§ **Dataset entries**
□ □ □ □ □ □ □

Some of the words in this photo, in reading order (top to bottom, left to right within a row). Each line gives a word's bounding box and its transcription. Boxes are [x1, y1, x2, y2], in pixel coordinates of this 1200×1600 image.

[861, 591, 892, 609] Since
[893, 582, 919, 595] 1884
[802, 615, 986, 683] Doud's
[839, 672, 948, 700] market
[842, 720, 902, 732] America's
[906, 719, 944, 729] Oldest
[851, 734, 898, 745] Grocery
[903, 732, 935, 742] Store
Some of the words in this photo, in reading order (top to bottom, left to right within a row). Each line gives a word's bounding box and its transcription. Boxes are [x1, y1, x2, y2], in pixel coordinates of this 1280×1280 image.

□ □ □ □ □ □ □

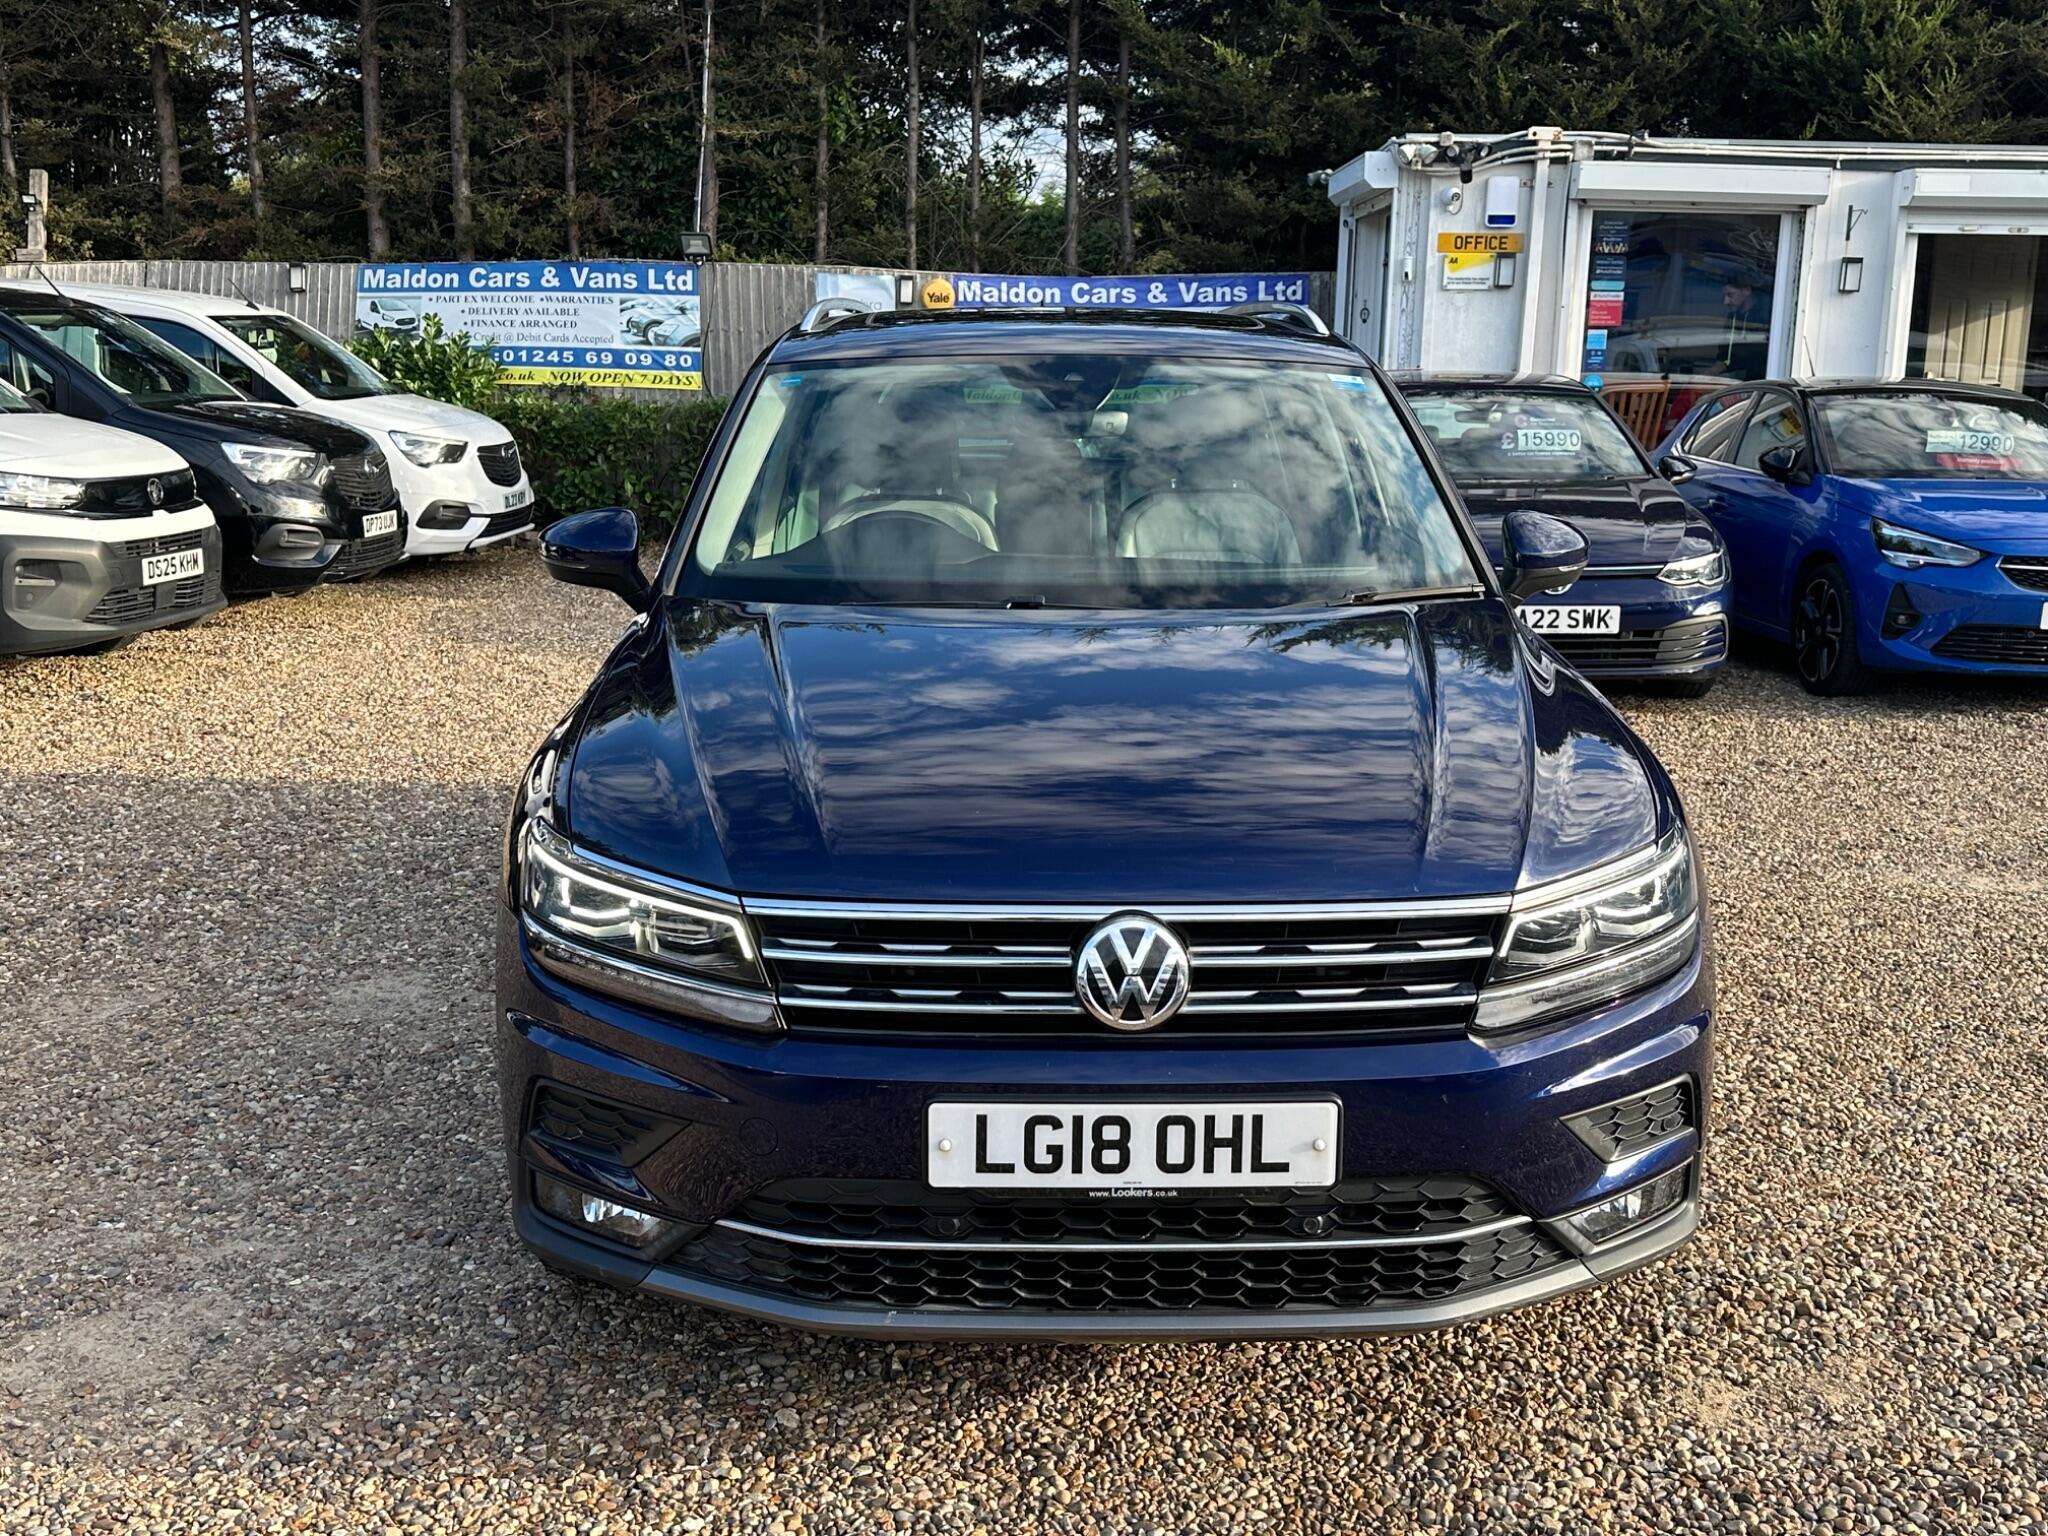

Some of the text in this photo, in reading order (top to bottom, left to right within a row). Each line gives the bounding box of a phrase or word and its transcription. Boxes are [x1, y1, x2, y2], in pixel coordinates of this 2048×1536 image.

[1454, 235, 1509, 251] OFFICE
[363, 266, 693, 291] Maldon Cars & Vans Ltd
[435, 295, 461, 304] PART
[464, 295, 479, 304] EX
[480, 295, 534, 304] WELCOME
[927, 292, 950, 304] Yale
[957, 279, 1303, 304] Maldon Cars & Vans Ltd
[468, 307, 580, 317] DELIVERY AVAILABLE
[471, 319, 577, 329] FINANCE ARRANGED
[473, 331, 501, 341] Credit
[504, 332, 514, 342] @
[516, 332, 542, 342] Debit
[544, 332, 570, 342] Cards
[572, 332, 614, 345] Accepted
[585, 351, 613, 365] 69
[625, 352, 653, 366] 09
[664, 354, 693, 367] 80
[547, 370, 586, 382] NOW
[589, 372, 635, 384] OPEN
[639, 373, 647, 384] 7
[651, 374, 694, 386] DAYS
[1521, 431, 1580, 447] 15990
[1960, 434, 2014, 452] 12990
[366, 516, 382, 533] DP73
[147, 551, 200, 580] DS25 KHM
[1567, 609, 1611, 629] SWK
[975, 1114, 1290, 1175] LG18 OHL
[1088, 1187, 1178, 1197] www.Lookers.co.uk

□ □ □ □ □ □ □

§ **THE PROBLEM**
Please reproduce the lines from the line with "this 1200×1600 image." to the line with "this 1280×1280 image.", both ends included, exactly as they appear above.

§ **EXERCISE SOLUTION**
Some of the words in this photo, in reading order (top to bottom, left to right within a row). Each line gives a word's bounding box and its transcription. Boxes are [x1, y1, x2, y2], in pixel coordinates of this 1200×1600 image.

[861, 591, 892, 609] Since
[893, 582, 919, 595] 1884
[802, 615, 986, 683] Doud's
[839, 672, 948, 700] market
[842, 720, 902, 732] America's
[906, 719, 944, 729] Oldest
[851, 734, 898, 745] Grocery
[903, 732, 935, 742] Store
Some of the words in this photo, in reading order (top to bottom, left to right within a row). Each line gives a word's bounding box and its transcription. Boxes are [x1, y1, x2, y2], in pixel coordinates of this 1280×1280 image.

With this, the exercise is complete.